Task data —
+-------+

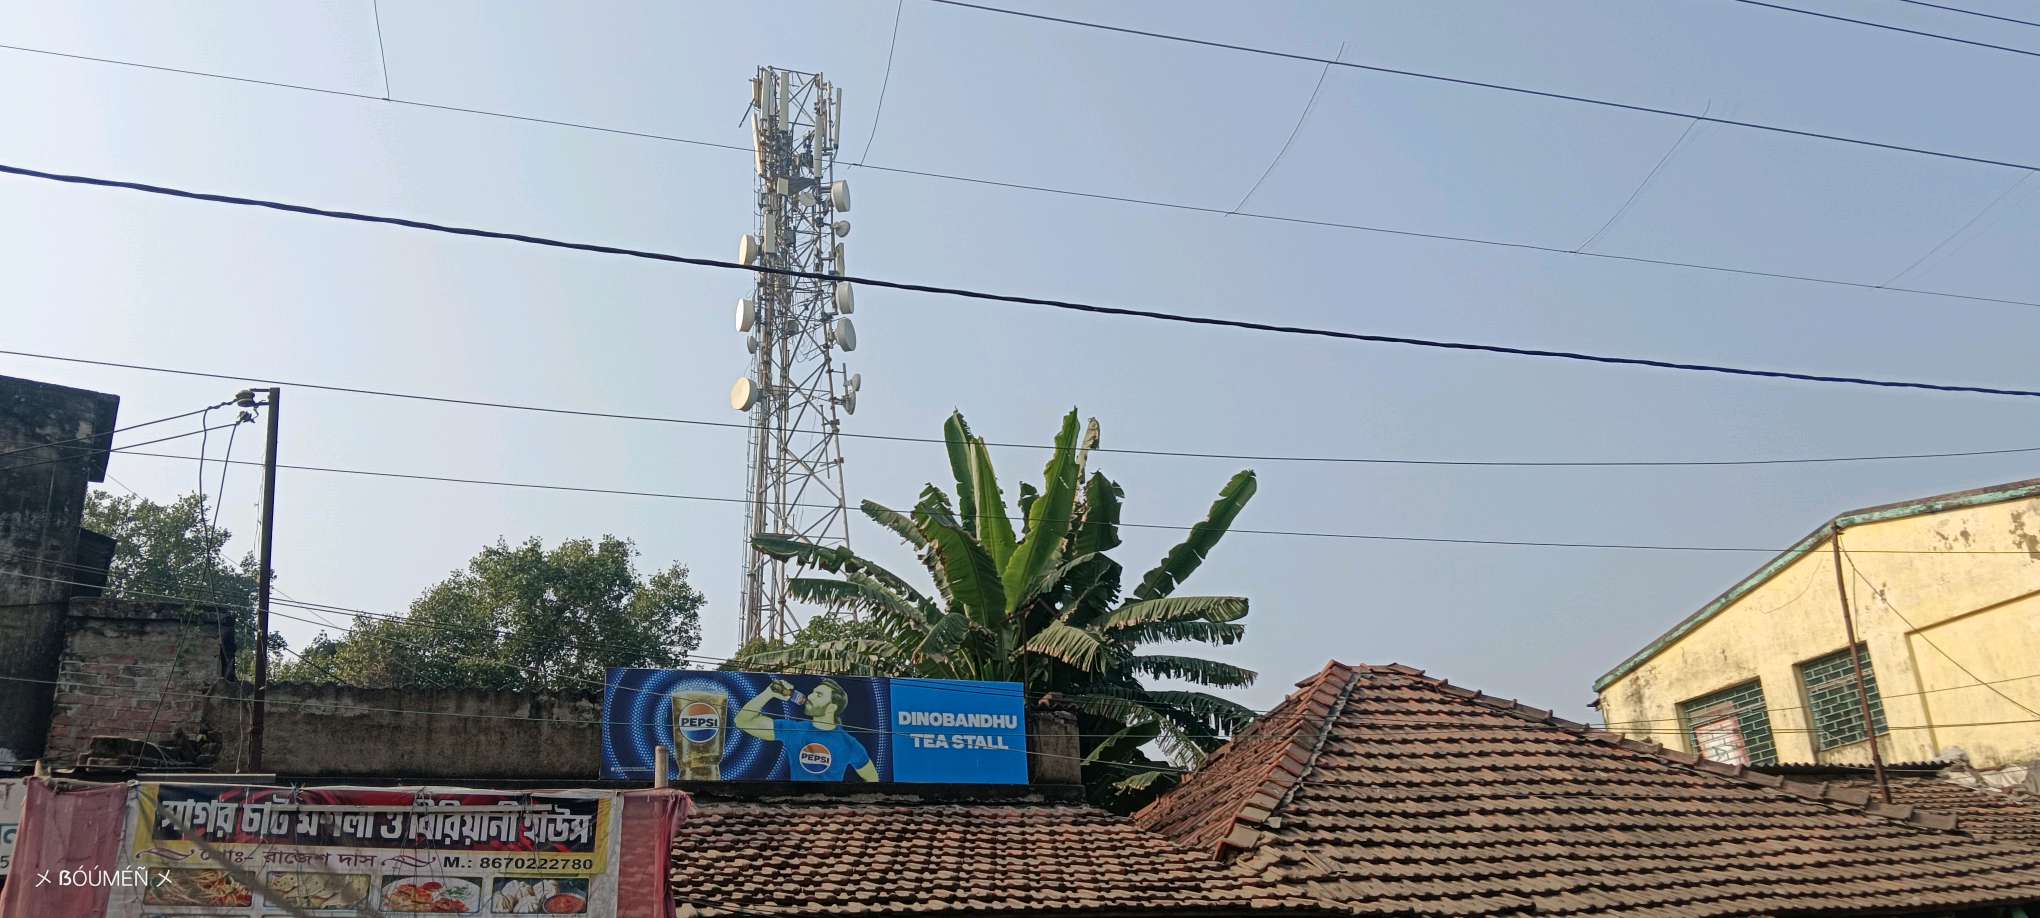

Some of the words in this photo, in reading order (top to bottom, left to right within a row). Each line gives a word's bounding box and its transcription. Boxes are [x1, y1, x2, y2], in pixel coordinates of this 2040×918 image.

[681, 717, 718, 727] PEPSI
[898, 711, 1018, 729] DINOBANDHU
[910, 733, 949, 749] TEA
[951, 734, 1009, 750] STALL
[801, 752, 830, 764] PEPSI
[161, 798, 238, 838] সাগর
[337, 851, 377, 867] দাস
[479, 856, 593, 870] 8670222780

+-------+

Task directions — Everything in the entries must be written out exactly; the pictures stay out.

Answer to this exercise —
Some of the words in this photo, in reading order (top to bottom, left to right within a row). Each line gives a word's bounding box and its transcription. Boxes are [x1, y1, x2, y2], in pixel coordinates of this 2040×918 image.

[681, 717, 718, 727] PEPSI
[898, 711, 1018, 729] DINOBANDHU
[910, 733, 949, 749] TEA
[951, 734, 1009, 750] STALL
[801, 752, 830, 764] PEPSI
[161, 798, 238, 838] সাগর
[337, 851, 377, 867] দাস
[479, 856, 593, 870] 8670222780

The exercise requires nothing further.